There was this jigsaw puzzle called Eternity which had a prize of 1 million pounds for solving it. That’s about 1.8 million US dollars.
The puzzle was designed by a guy named Christopher Monckton, and consists of a bunch of angular shapes which fit together on a giant gridlike board. As the Guardian said, “less of a jigsaw, more of a mosaic.” Because the various pieces fit together in so many different ways, finding a solution which fit all 209 pieces was next to impossible. Monckton offered the cash prize, awardable after a few months of the puzzle’s launch. The first solution to be received would get Monckton’s money.

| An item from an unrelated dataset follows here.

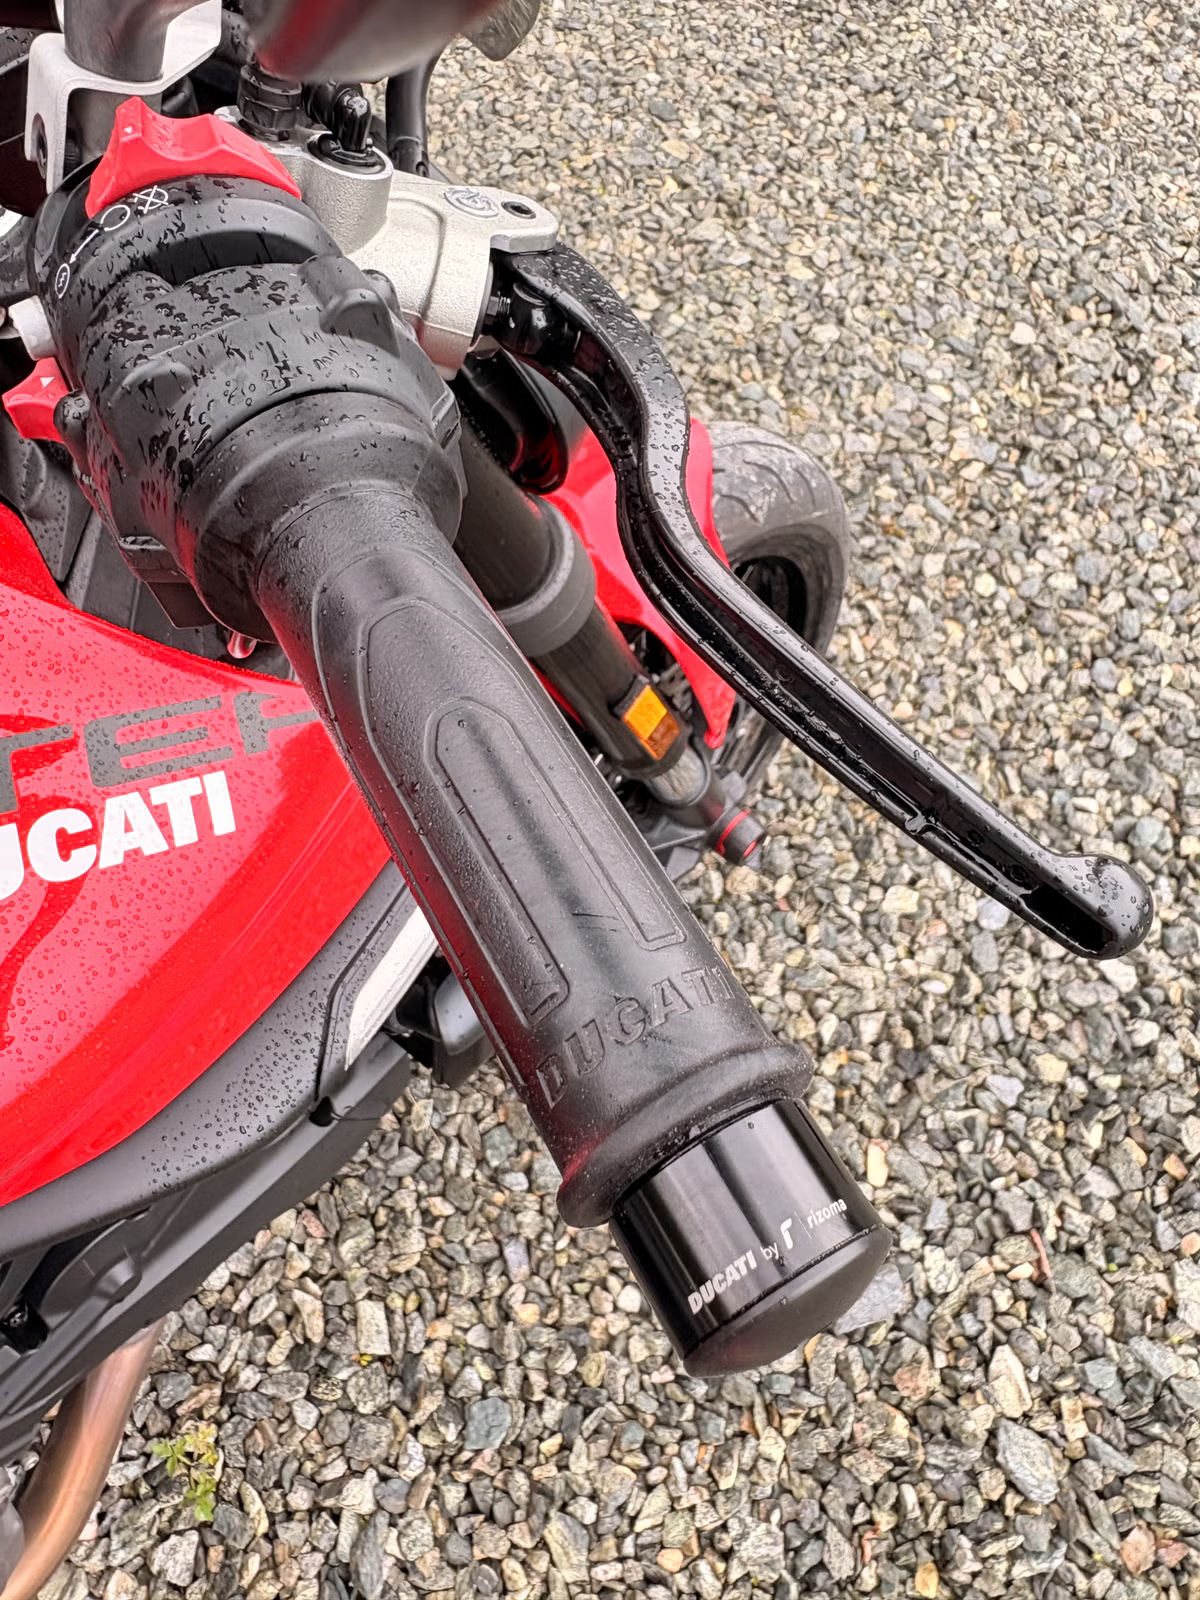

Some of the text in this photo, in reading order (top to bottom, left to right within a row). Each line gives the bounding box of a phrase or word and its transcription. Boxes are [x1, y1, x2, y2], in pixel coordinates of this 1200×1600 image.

[536, 966, 735, 1108] DUCATI
[687, 1249, 758, 1315] DUCATI
[760, 1241, 780, 1260] by
[807, 1198, 848, 1229] rizoma

Enter the puzzle geeks. The second this puzzle was announced, a huge effort formed around trying to solve it. A message board was formed, with a mailing list, full of geeks with computers who quickly reduced the pieces to simpler data representations and started working on algorithms to solve what is essentially a really crazy 2D “bin-packing problem.” Monckton estimated it would take about 4 years to solve, likely earning him more than the 1 million pound prize.

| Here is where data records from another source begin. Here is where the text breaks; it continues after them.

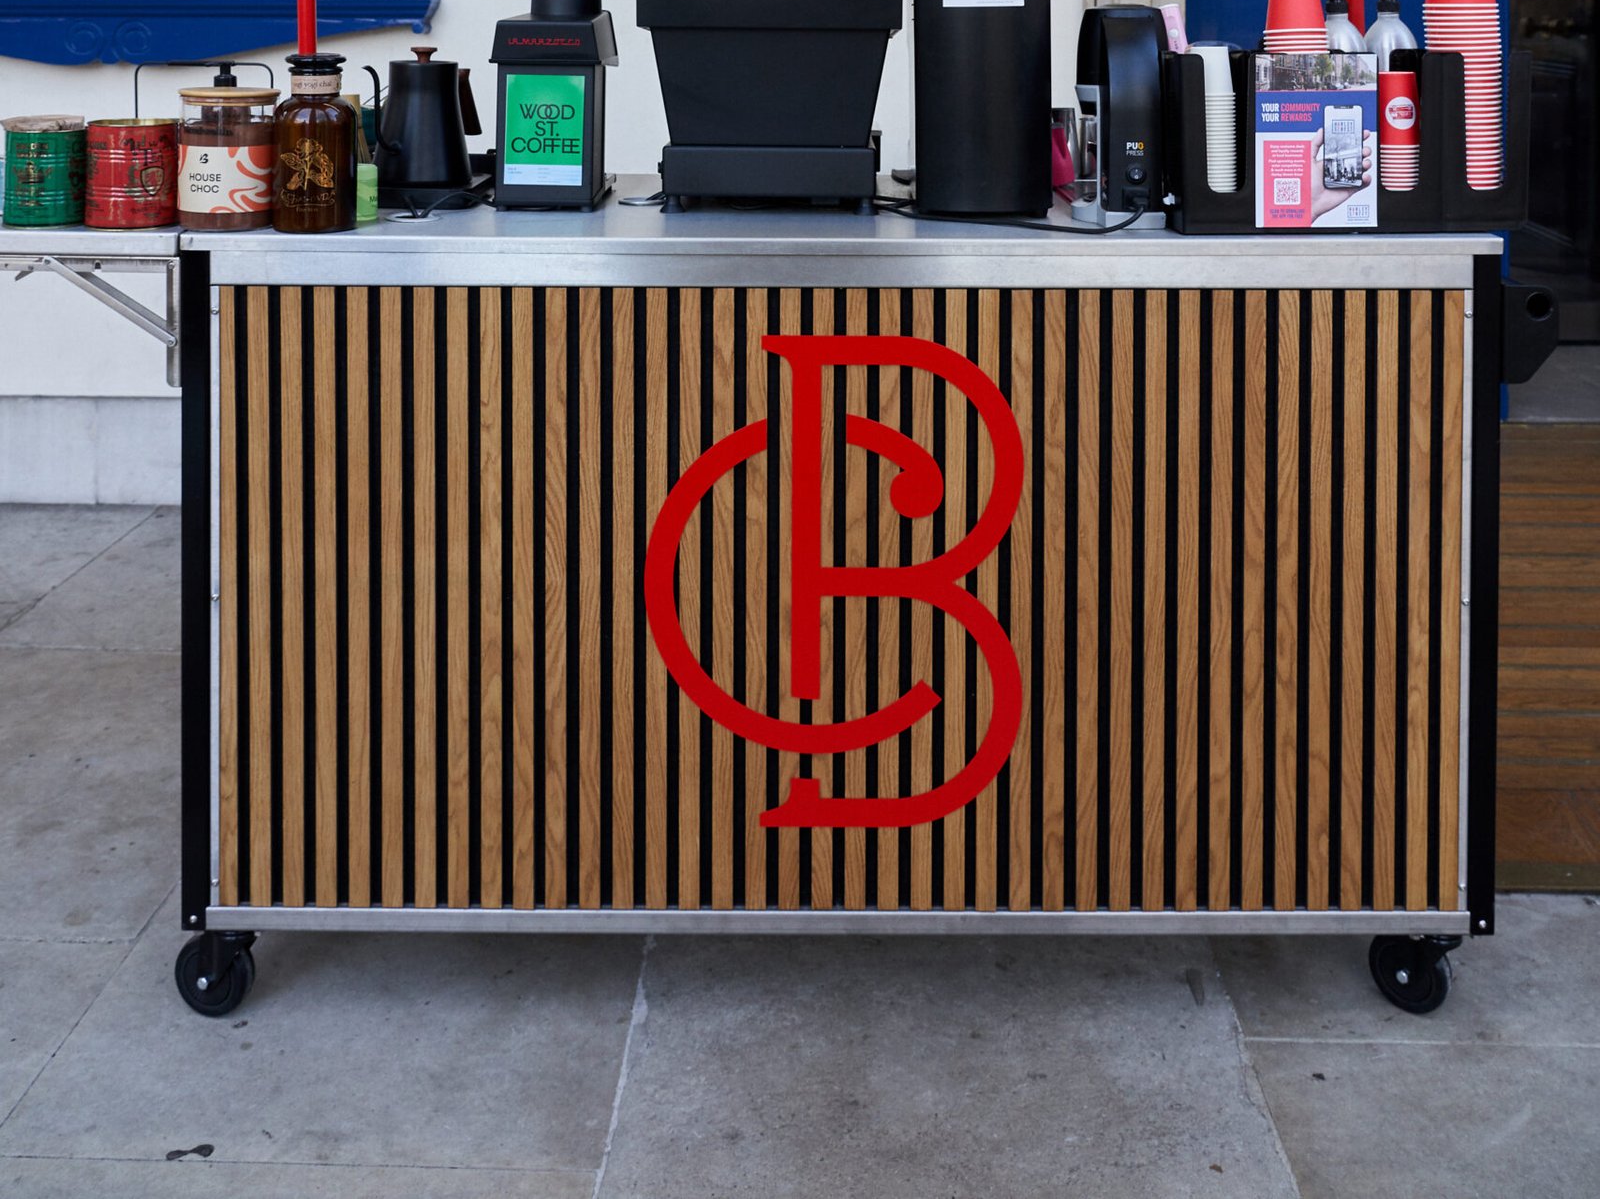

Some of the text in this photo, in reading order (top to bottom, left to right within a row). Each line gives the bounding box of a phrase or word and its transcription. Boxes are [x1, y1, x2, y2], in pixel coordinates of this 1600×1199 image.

[519, 103, 575, 120] WOOD
[1261, 103, 1321, 112] YOUR COMMUNITY
[1261, 113, 1312, 122] YOUR REWARDS
[534, 121, 559, 137] ST.
[511, 137, 580, 154] COFFEE
[189, 173, 222, 182] HOUSE
[190, 184, 220, 193] CHOC

They cracked it in 16 months, twice. The award money went to the first solution, a team of two guys ( Alex Selby and Oliver Riordan ), although another man ( Guenter Stertenbrink ) solved it independently, with a different solution.

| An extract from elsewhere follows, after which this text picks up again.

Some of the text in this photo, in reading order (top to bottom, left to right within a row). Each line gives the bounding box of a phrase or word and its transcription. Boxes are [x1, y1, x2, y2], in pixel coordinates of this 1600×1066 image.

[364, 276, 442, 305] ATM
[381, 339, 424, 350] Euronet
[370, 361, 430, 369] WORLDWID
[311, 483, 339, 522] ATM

Obviously Monckton wasn’t planning on Eternity being solved so quickly. It was supposed to have taken over 4 years- he had planned to release “hint pieces,” pictures of the board with progressively more pieces on it. Ironically, complexity analyses have shown that this would have made the puzzle harder! At any rate, he had to sell his mansion (“Crimonmogate House in Aberdeenshire”) to pay out the prize money.
But the really funny thing is, it turns out Christopher Monckton is a big Nazi asshole. One of the reasons we barely heard about this puzzle, I mean aside from people not making a big deal about puzzles in general, and the prize money evaporating right after its launch, is that Monckton publicly said that everyone with HIV should be put in quarantine camps . Needless to say, his distributors didn’t want to be associated with his hateful bullshit.
Google for “Christopher Monckton AIDS” for more details on the incident… After this incident, I’ve seen him referred to as “British right-wing commentator Christopher Monckton.” Turns out he was an advisor to Thatcher.
Anyway, back to the puzzle:
Something that is interesting to me was the collaborative yet competitive nature of these message boards. To the puzzle enthusiasts, this was a bunch of money which they each considered their own. The Eternity puzzle would be solved eventually, but they had this stiff competition, spread thinly all over the world! However, these competitors were all fellow puzzle nerds.
Reading the boards is funny. The motivation to share solving techniques and hints is complex- there is the usual “look how smart I am to have thought of this,” as well as an altruistic desire to add to the “community.” But given the mercenary nature of this particular puzzle, there is also the hope that someone else will share their tidbit that hadn’t yet occurred to the first poster.
The puzzle itself is grossly complicated and tedious to solve. It’s made of a giant (hexagonal) grid of equilateral triangles which can be tiled with larger triangles… but each of those larger triangles is potentially cut in half (into a 30-60-90) on a random axis, and is not necessarily aligned with the tilings of other larger triangles. It makes more sense if you look at pictures of the puzzle.
Monckton planned to release “solution pieces” every so often after the first year, showing the board with one of the pieces placed correctly. The puzzle was solved too early for these to help- but ironically, these solution pieces would have made it harder. After a thorough analysis of the puzzle, the puzzle geeks determined that the puzzle was generated such that solution space was not as sparse as it could have been- not surprising, since calculating the puzzle to have exactly one solution would be an equivalent problem to solving an unknown puzzle in the first place! I’m assuming that the two solutions presented didn’t have any pieces in common with the “official” solution.
The architecture of solution approaches are fairly uniform- as you might imagine, a bit of dynamic programming (like the knapsack problem solution) is used- the tricky bit seems to be choosing the order of the pieces to add to the incremental solution. The winning approaches used a “goodness” of the piece to be added as a heuristic- amongst other things, the number of broken edges (the square edge of a 30-60-90 triangle) exposed to the perimeter of the piece would contribute to its “badness.”
Something that seemed obvious to me but I didn’t see thoroughly explored- representing the profiles of piece perimeters, thus enabling piece-piece interactions. What I mean is- most approaches I read simply tried to add a piece to a given tiling… instead of trying to add pieces together into larger and larger constructs. Sort of a reversed approach – the tricky part would then to grow the tiled area in a way which is “good”, that is making a tiled area which is mostly convex and similar in shape to the goal board shape. It would probably end up using a hill climbing approach to allow for temporary “bad” board shapes (to allow for new shapes being added).
But, whatever, the contest is over now, and I never did anything on it.